*** PROVIDED DATA ***

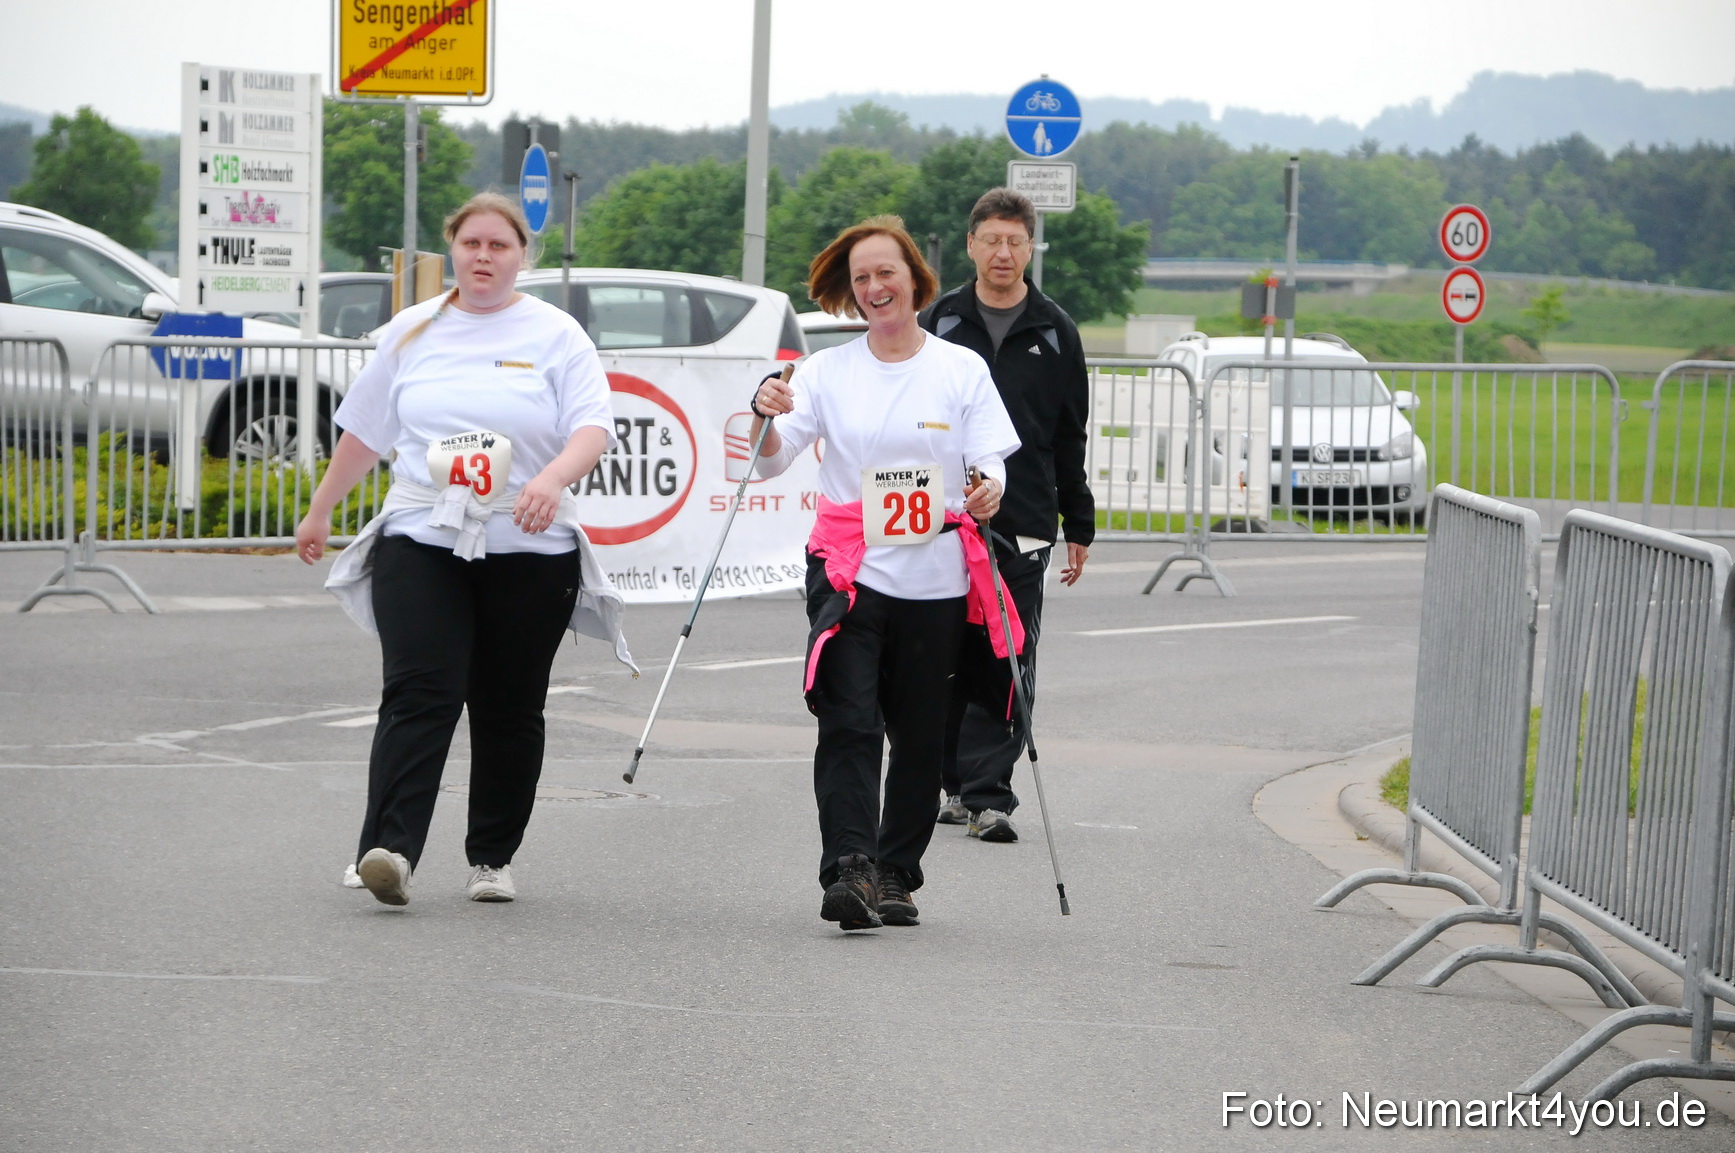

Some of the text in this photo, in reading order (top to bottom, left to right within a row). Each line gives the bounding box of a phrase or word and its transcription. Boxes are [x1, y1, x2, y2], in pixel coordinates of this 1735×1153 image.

[353, 0, 473, 31] Sengenthal
[369, 34, 457, 54] am Anger
[242, 72, 295, 92] HOLZAMMER
[349, 65, 375, 79] Kreis
[381, 65, 434, 80] Neumarkt
[242, 112, 294, 132] HOLZAMMER
[212, 154, 240, 184] SHB
[1452, 221, 1479, 246] 60
[211, 236, 255, 265] THULE
[440, 434, 478, 446] MEYER
[603, 417, 672, 455] RT &
[440, 442, 479, 451] WERBUNG
[449, 453, 492, 496] 43
[875, 471, 913, 481] MEYER
[875, 480, 914, 488] WERBUNG
[710, 495, 785, 511] SEAT
[801, 491, 824, 510] KI
[883, 490, 931, 536] 28
[607, 566, 658, 590] enthal

***

### WHAT YOU WILL DO
Reproduce all of the data exactly; the pictures do not belong in the copy.

### RESULT
Some of the text in this photo, in reading order (top to bottom, left to right within a row). Each line gives the bounding box of a phrase or word and its transcription. Boxes are [x1, y1, x2, y2], in pixel coordinates of this 1735×1153 image.

[353, 0, 473, 31] Sengenthal
[369, 34, 457, 54] am Anger
[242, 72, 295, 92] HOLZAMMER
[349, 65, 375, 79] Kreis
[381, 65, 434, 80] Neumarkt
[242, 112, 294, 132] HOLZAMMER
[212, 154, 240, 184] SHB
[1452, 221, 1479, 246] 60
[211, 236, 255, 265] THULE
[440, 434, 478, 446] MEYER
[603, 417, 672, 455] RT &
[440, 442, 479, 451] WERBUNG
[449, 453, 492, 496] 43
[875, 471, 913, 481] MEYER
[875, 480, 914, 488] WERBUNG
[710, 495, 785, 511] SEAT
[801, 491, 824, 510] KI
[883, 490, 931, 536] 28
[607, 566, 658, 590] enthal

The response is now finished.